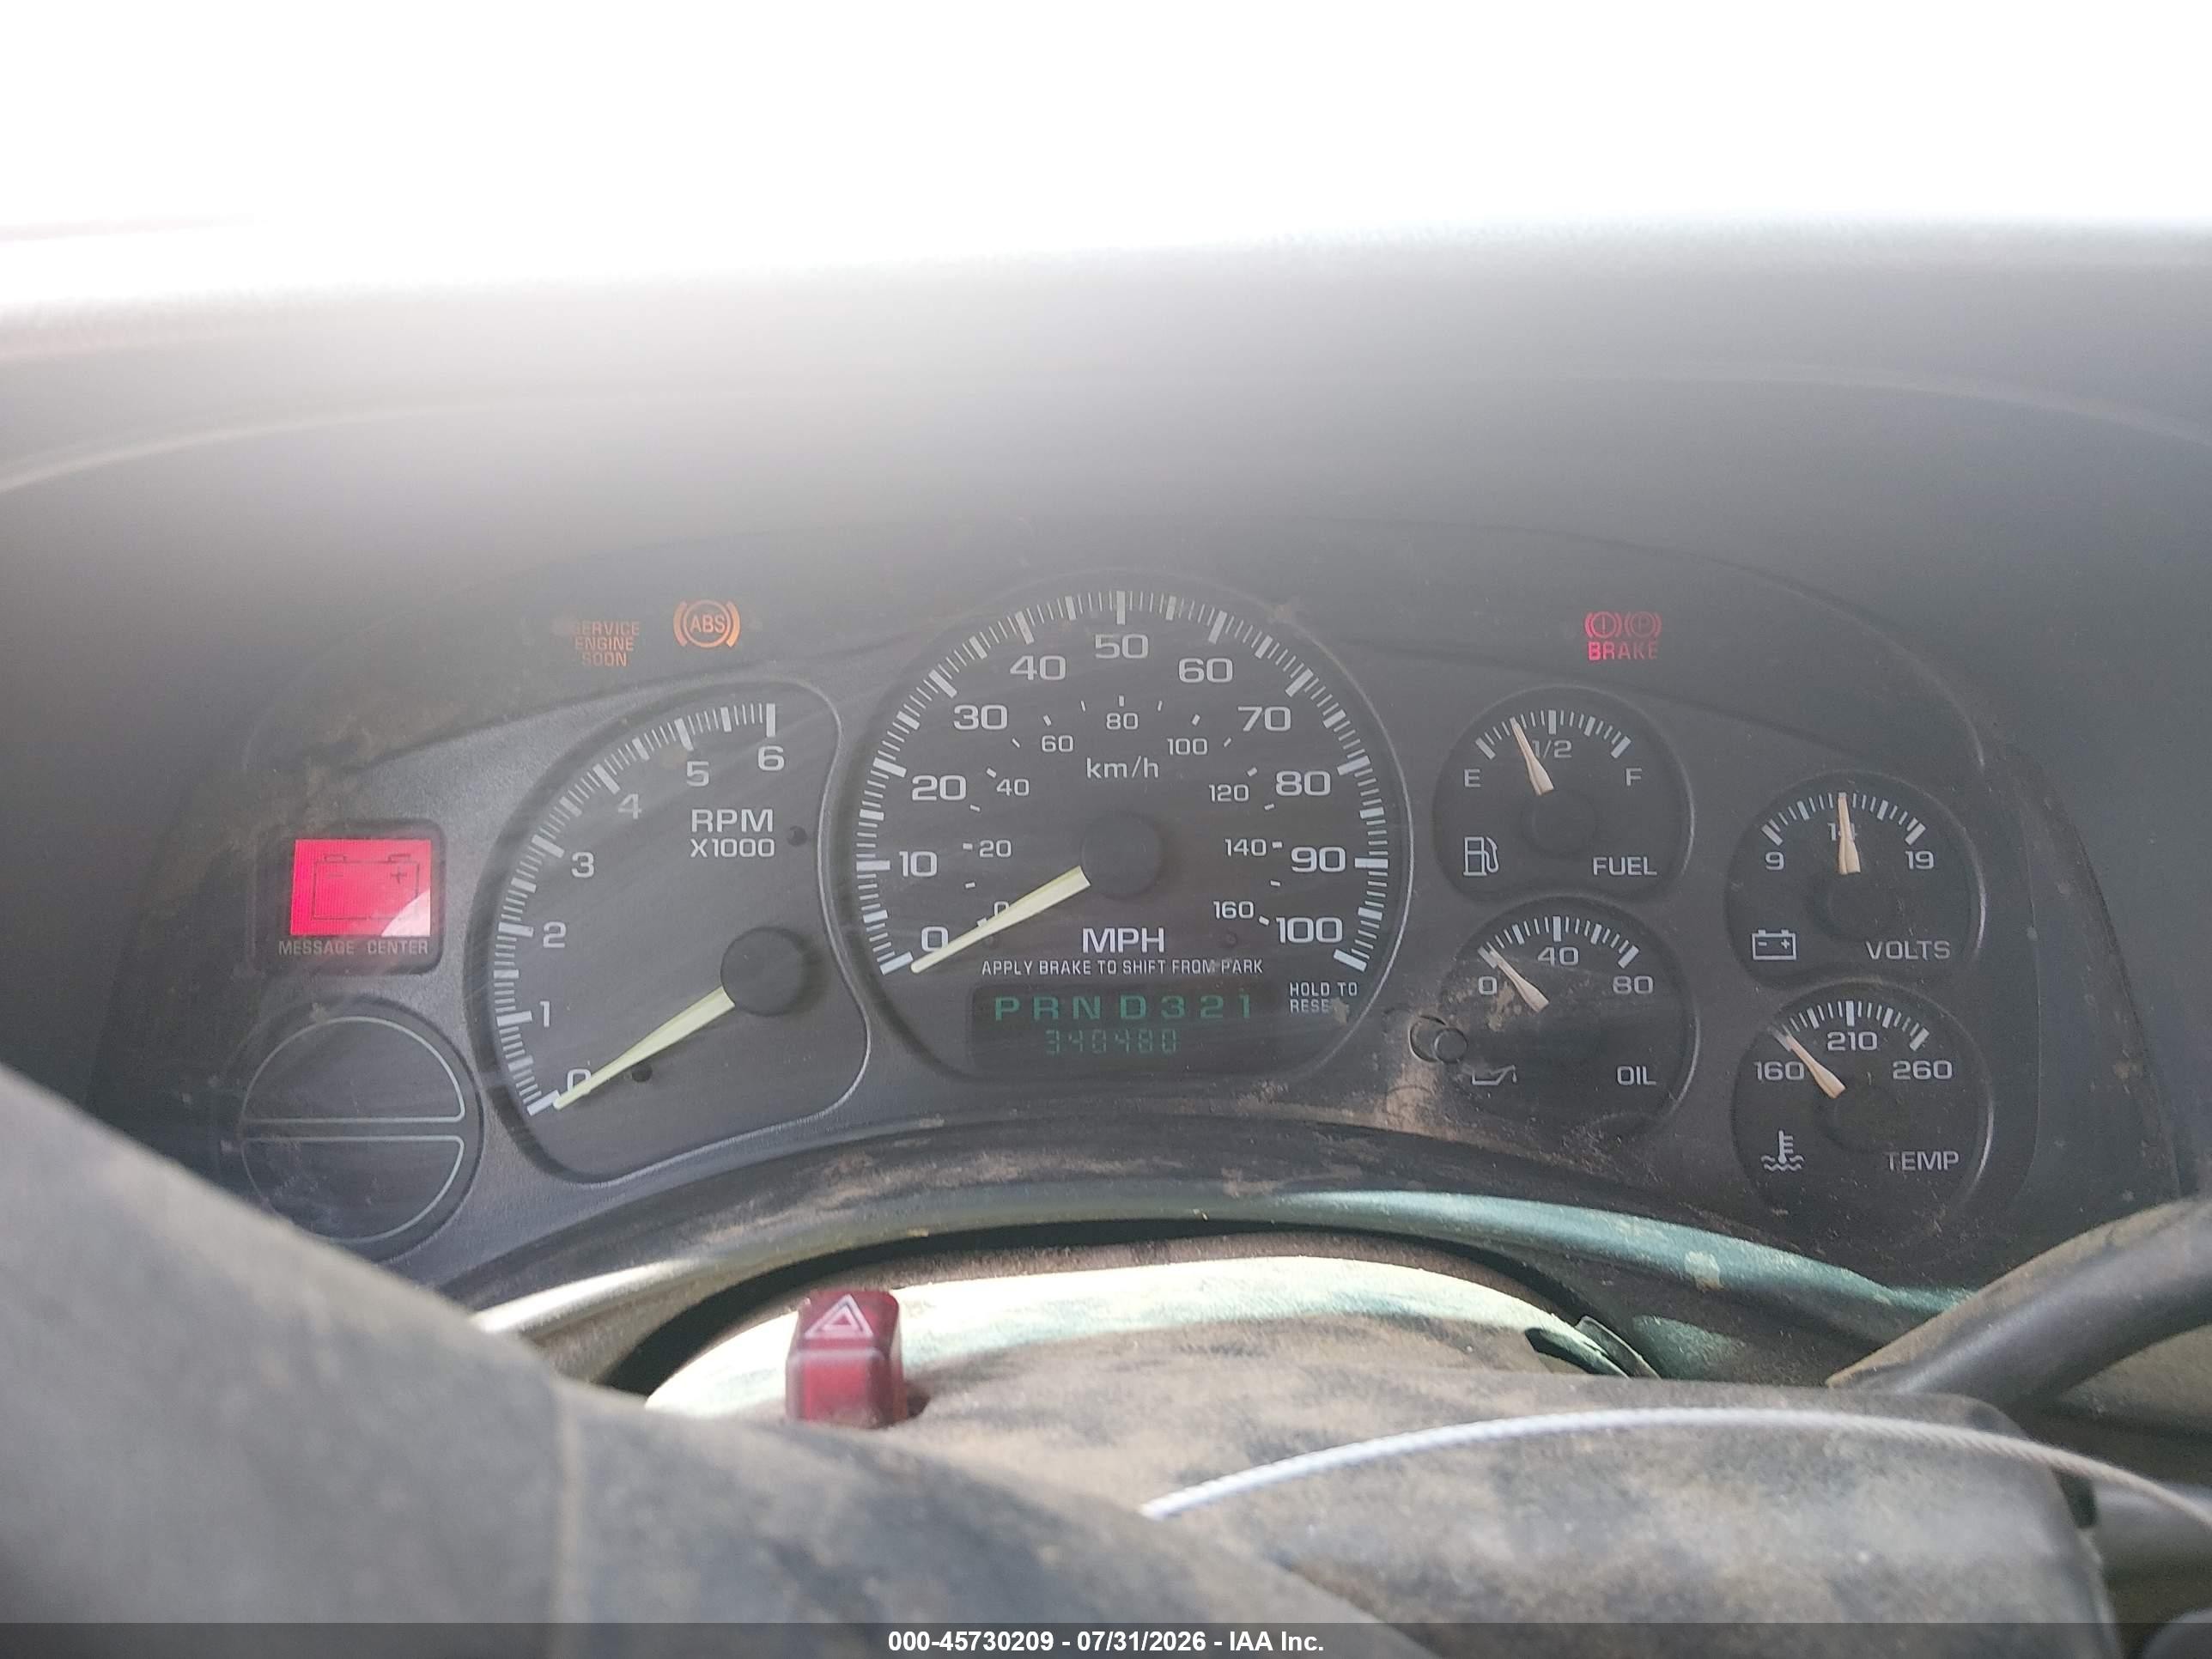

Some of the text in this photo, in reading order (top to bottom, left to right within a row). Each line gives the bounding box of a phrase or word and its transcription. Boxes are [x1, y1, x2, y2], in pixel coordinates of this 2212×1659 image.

[690, 615, 726, 633] ABS
[574, 636, 634, 651] ENGINE
[1095, 634, 1149, 659] 50
[1588, 641, 1658, 660] BRAKE
[582, 652, 628, 666] SOON
[1009, 655, 1066, 681] 40
[1178, 658, 1233, 684] 60
[953, 704, 1008, 731] 30
[1105, 713, 1139, 730] 80
[1237, 706, 1291, 732] 70
[1041, 735, 1074, 753] 60
[1166, 738, 1208, 756] 100
[1534, 739, 1573, 759] 1/2
[757, 744, 786, 772] 6
[1085, 756, 1159, 779] km/h
[686, 761, 710, 787] 5
[1275, 770, 1331, 797] 80
[1463, 769, 1481, 787] E
[1626, 768, 1643, 787] F
[911, 775, 967, 801] 20
[996, 778, 1030, 797] 40
[1208, 783, 1249, 802] 120
[617, 793, 643, 820] 4
[690, 809, 775, 833] RPM
[1826, 822, 1856, 842] 1
[690, 838, 775, 859] X1000
[979, 840, 1012, 858] 20
[1224, 838, 1267, 857] 140
[570, 851, 596, 878] 3
[899, 850, 939, 878] 10
[1290, 846, 1346, 873] 90
[1592, 856, 1658, 876] FUEL
[1764, 851, 1786, 871] 9
[1905, 850, 1936, 870] 19
[1212, 900, 1255, 919] 160
[542, 921, 568, 949] 2
[921, 926, 950, 952] 0
[1275, 916, 1344, 944] 100
[277, 940, 429, 956] MESSAGE CENTER
[1082, 927, 1165, 954] MPH
[1865, 940, 1951, 961] VOLTS
[1537, 946, 1580, 966] 40
[981, 958, 1263, 975] APPLY BRAKE TO SHIFT FROM PARK
[1290, 981, 1358, 997] HOLD TO
[1478, 975, 1498, 995] 0
[1612, 975, 1654, 994] 80
[539, 1000, 550, 1027] 1
[1290, 998, 1334, 1013] RESE
[1826, 1031, 1878, 1051] 210
[1617, 1066, 1656, 1085] OIL
[1754, 1060, 1804, 1081] 160
[1892, 1060, 1953, 1080] 260
[1886, 1151, 1959, 1171] TEMP
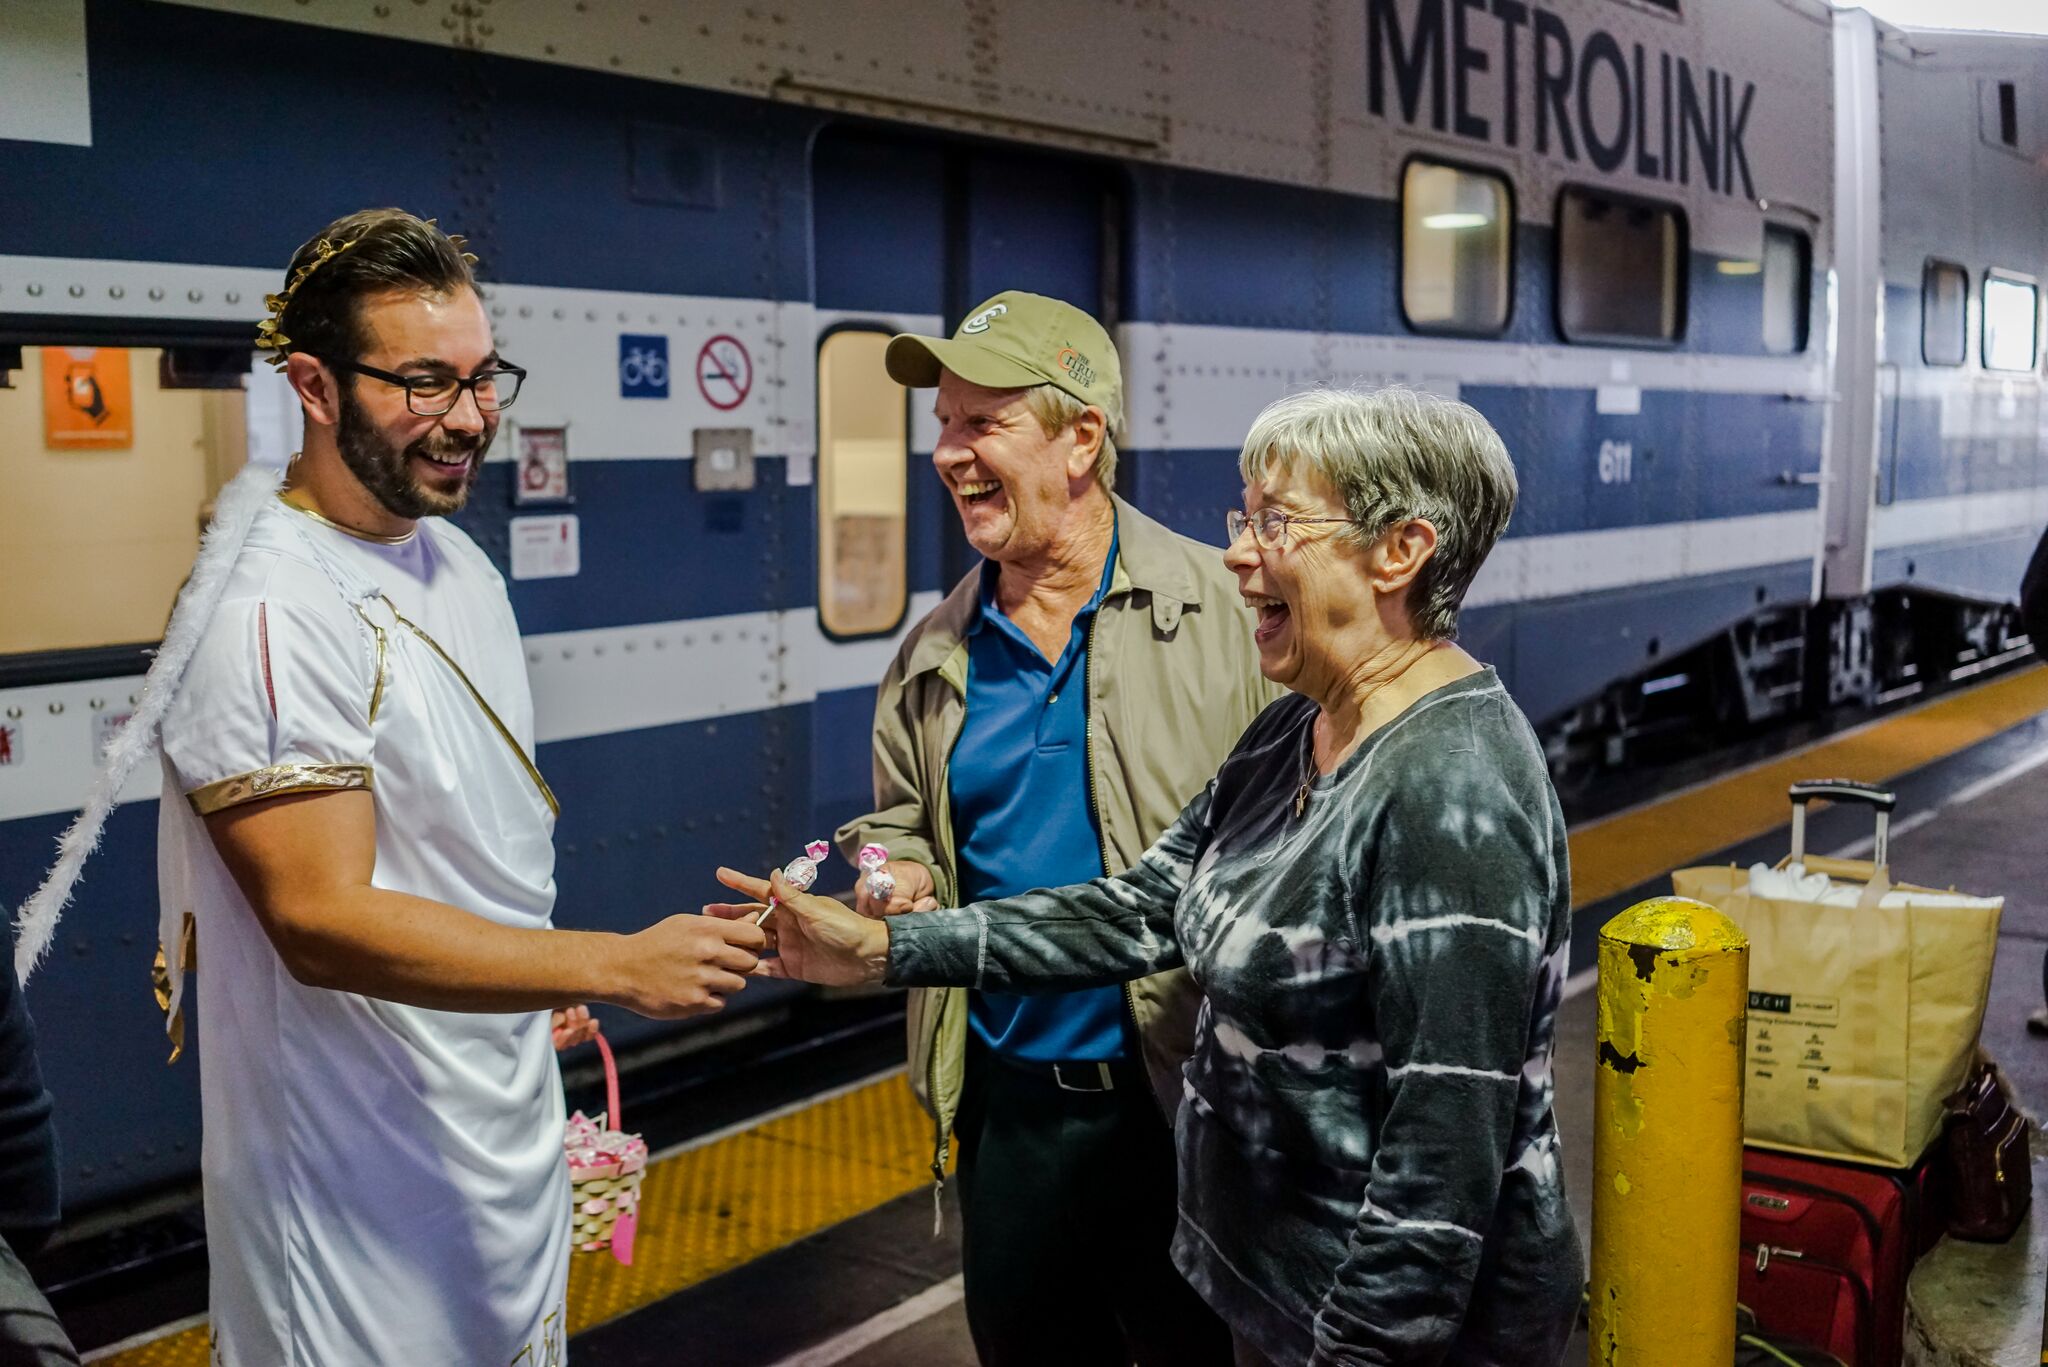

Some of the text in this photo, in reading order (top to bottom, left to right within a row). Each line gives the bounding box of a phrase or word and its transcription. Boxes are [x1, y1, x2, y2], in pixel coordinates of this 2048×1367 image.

[1367, 0, 1757, 200] METROLINK
[1056, 348, 1097, 384] CITRUS
[1076, 353, 1089, 366] THE
[1068, 370, 1090, 388] CLUB
[1599, 440, 1632, 483] 611
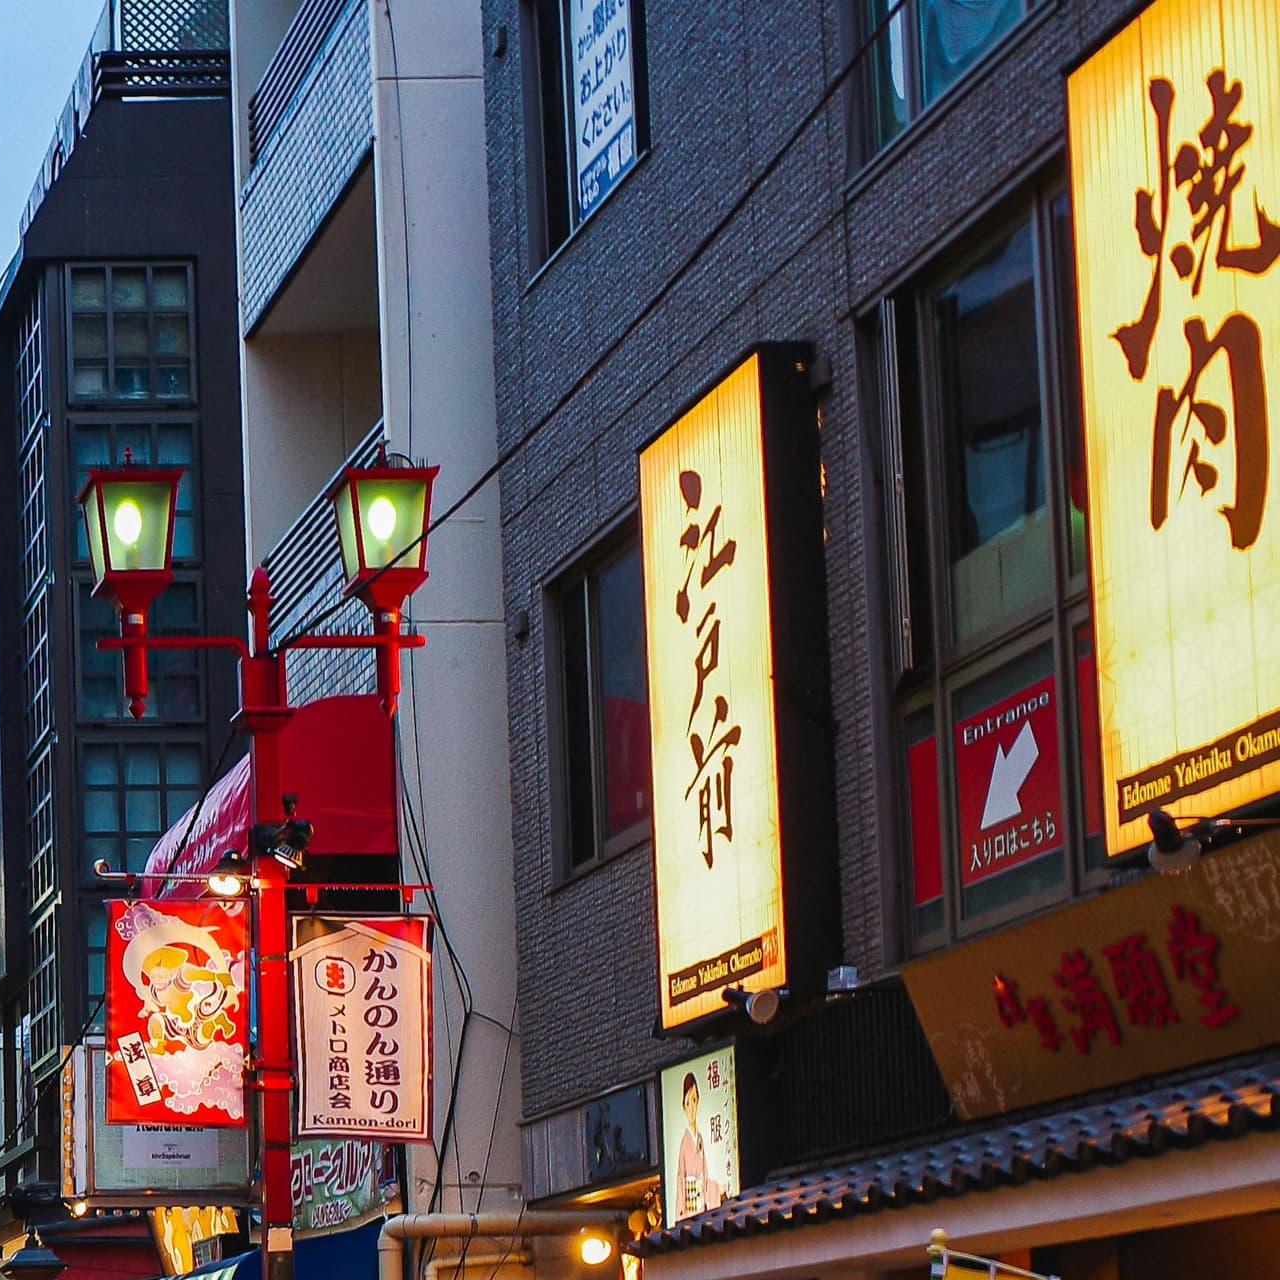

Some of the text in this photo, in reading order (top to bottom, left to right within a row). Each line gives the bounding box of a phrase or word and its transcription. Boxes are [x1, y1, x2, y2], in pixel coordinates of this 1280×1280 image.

[1109, 67, 1280, 552] 焼肉
[676, 470, 742, 869] 江戸前
[963, 692, 1050, 746] Entrance
[1123, 774, 1172, 811] Edomae
[1175, 746, 1233, 788] Yakiniku
[970, 811, 1056, 872] 入り口はこちら
[671, 948, 763, 998] Edomae Yakiniku Okamoto
[328, 1004, 351, 1110] メトロ商店会
[363, 948, 401, 1115] かんのん通り
[123, 1041, 157, 1098] 浅草
[312, 1114, 417, 1130] Kannon-dori
[707, 1060, 724, 1145] 福服

Exercise:
Reproduce every record above exactly, omitting the pictures.

Output for this exercise:
Some of the text in this photo, in reading order (top to bottom, left to right within a row). Each line gives the bounding box of a phrase or word and its transcription. Boxes are [x1, y1, x2, y2], in pixel coordinates of this 2212×1659 image.

[690, 615, 726, 633] ABS
[574, 636, 634, 651] ENGINE
[1095, 634, 1149, 659] 50
[1588, 641, 1658, 660] BRAKE
[582, 652, 628, 666] SOON
[1009, 655, 1066, 681] 40
[1178, 658, 1233, 684] 60
[953, 704, 1008, 731] 30
[1105, 713, 1139, 730] 80
[1237, 706, 1291, 732] 70
[1041, 735, 1074, 753] 60
[1166, 738, 1208, 756] 100
[1534, 739, 1573, 759] 1/2
[757, 744, 786, 772] 6
[1085, 756, 1159, 779] km/h
[686, 761, 710, 787] 5
[1275, 770, 1331, 797] 80
[1463, 769, 1481, 787] E
[1626, 768, 1643, 787] F
[911, 775, 967, 801] 20
[996, 778, 1030, 797] 40
[1208, 783, 1249, 802] 120
[617, 793, 643, 820] 4
[690, 809, 775, 833] RPM
[1826, 822, 1856, 842] 1
[690, 838, 775, 859] X1000
[979, 840, 1012, 858] 20
[1224, 838, 1267, 857] 140
[570, 851, 596, 878] 3
[899, 850, 939, 878] 10
[1290, 846, 1346, 873] 90
[1592, 856, 1658, 876] FUEL
[1764, 851, 1786, 871] 9
[1905, 850, 1936, 870] 19
[1212, 900, 1255, 919] 160
[542, 921, 568, 949] 2
[921, 926, 950, 952] 0
[1275, 916, 1344, 944] 100
[277, 940, 429, 956] MESSAGE CENTER
[1082, 927, 1165, 954] MPH
[1865, 940, 1951, 961] VOLTS
[1537, 946, 1580, 966] 40
[981, 958, 1263, 975] APPLY BRAKE TO SHIFT FROM PARK
[1290, 981, 1358, 997] HOLD TO
[1478, 975, 1498, 995] 0
[1612, 975, 1654, 994] 80
[539, 1000, 550, 1027] 1
[1290, 998, 1334, 1013] RESE
[1826, 1031, 1878, 1051] 210
[1617, 1066, 1656, 1085] OIL
[1754, 1060, 1804, 1081] 160
[1892, 1060, 1953, 1080] 260
[1886, 1151, 1959, 1171] TEMP

Some of the text in this photo, in reading order (top to bottom, left to right within a row). Each line gives the bounding box of a phrase or word and its transcription. Boxes are [x1, y1, x2, y2], in pixel coordinates of this 2048×1367 image.

[1367, 0, 1757, 200] METROLINK
[1056, 348, 1097, 384] CITRUS
[1076, 353, 1089, 366] THE
[1068, 370, 1090, 388] CLUB
[1599, 440, 1632, 483] 611

Some of the text in this photo, in reading order (top to bottom, left to right within a row). Each line gives the bounding box of a phrase or word and its transcription. Boxes are [x1, y1, x2, y2], in pixel coordinates of this 1280×1280 image.

[1109, 67, 1280, 552] 焼肉
[676, 470, 742, 869] 江戸前
[963, 692, 1050, 746] Entrance
[1123, 774, 1172, 811] Edomae
[1175, 746, 1233, 788] Yakiniku
[970, 811, 1056, 872] 入り口はこちら
[671, 948, 763, 998] Edomae Yakiniku Okamoto
[328, 1004, 351, 1110] メトロ商店会
[363, 948, 401, 1115] かんのん通り
[123, 1041, 157, 1098] 浅草
[312, 1114, 417, 1130] Kannon-dori
[707, 1060, 724, 1145] 福服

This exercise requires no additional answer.